◆ **Exercise**:
Restate each entry exactly, without pictures.

[Dataset entries]
===

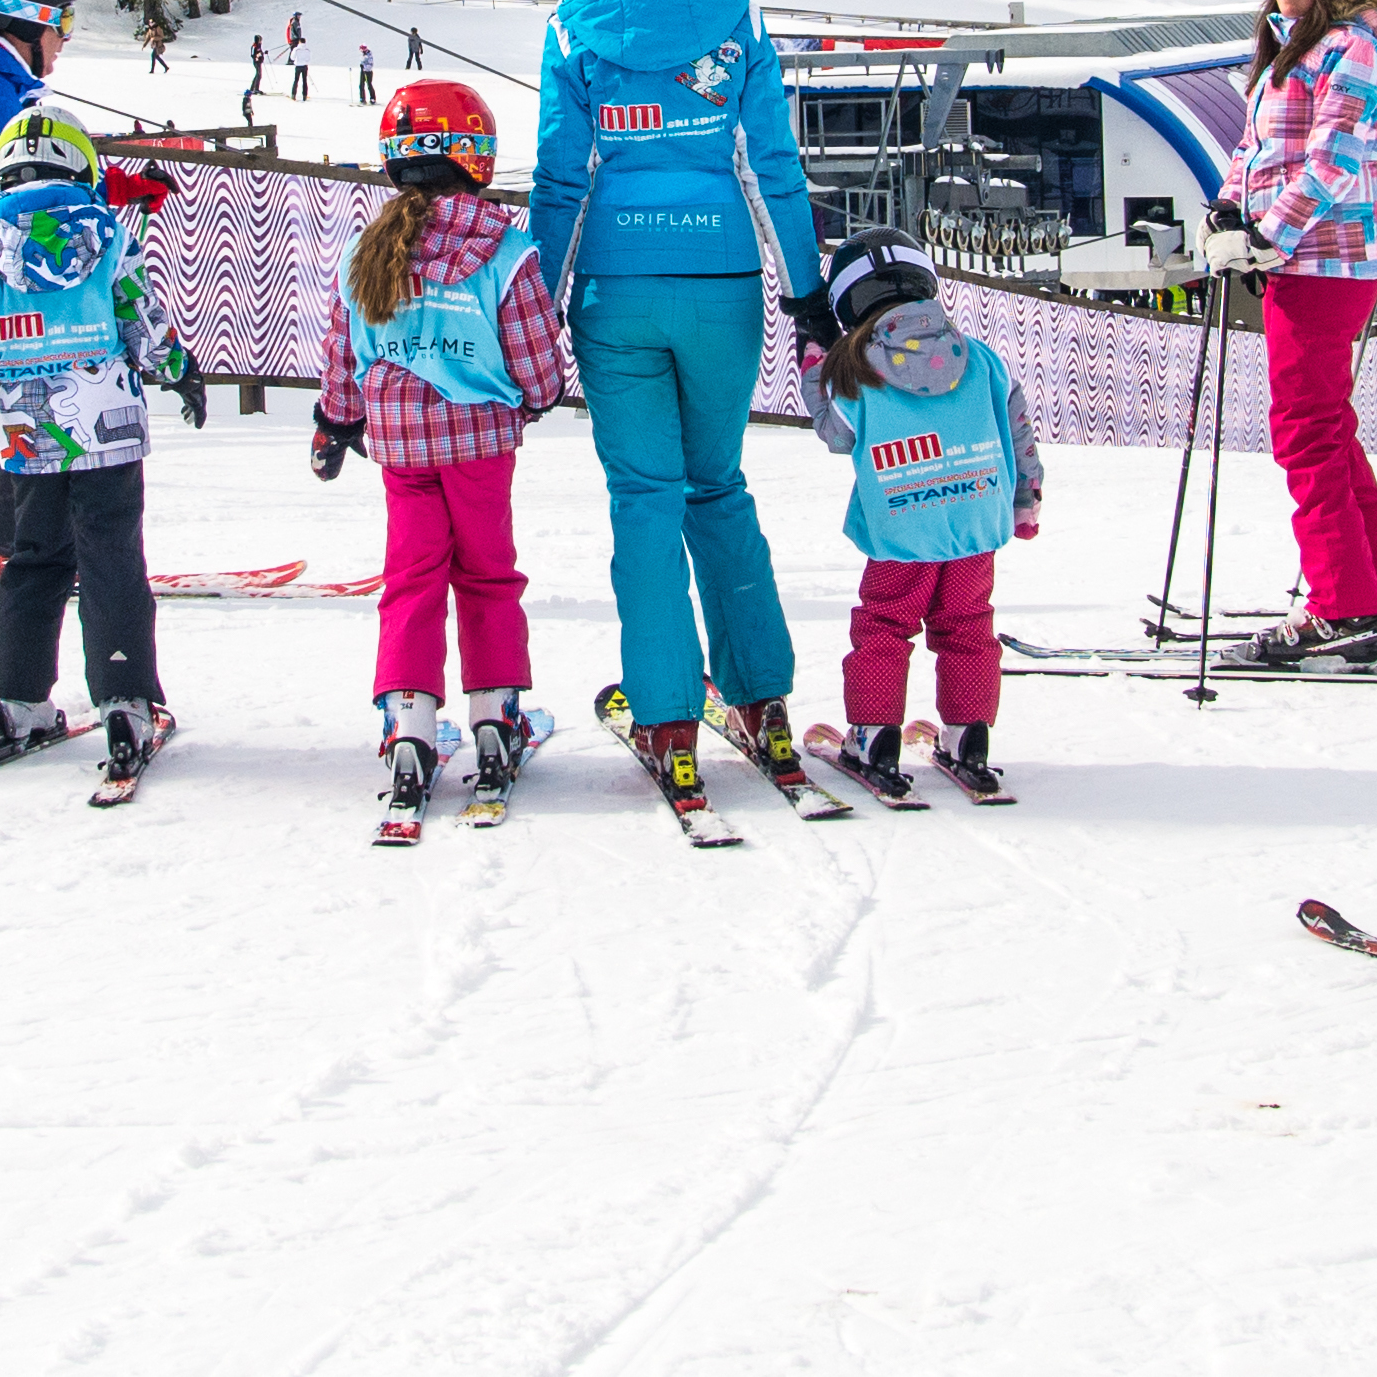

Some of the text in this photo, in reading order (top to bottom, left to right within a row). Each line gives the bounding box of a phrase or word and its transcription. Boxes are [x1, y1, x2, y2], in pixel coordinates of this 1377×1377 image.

[1330, 84, 1351, 93] OXY
[617, 213, 721, 227] ORIFLAME
[376, 336, 475, 358] ORIFLAME
[888, 475, 998, 509] STANKOV

===

◆ **Solution to the exercise**:
Some of the text in this photo, in reading order (top to bottom, left to right within a row). Each line gives the bounding box of a phrase or word and its transcription. Boxes are [x1, y1, x2, y2], in pixel coordinates of this 1377×1377 image.

[1330, 84, 1351, 93] OXY
[617, 213, 721, 227] ORIFLAME
[376, 336, 475, 358] ORIFLAME
[888, 475, 998, 509] STANKOV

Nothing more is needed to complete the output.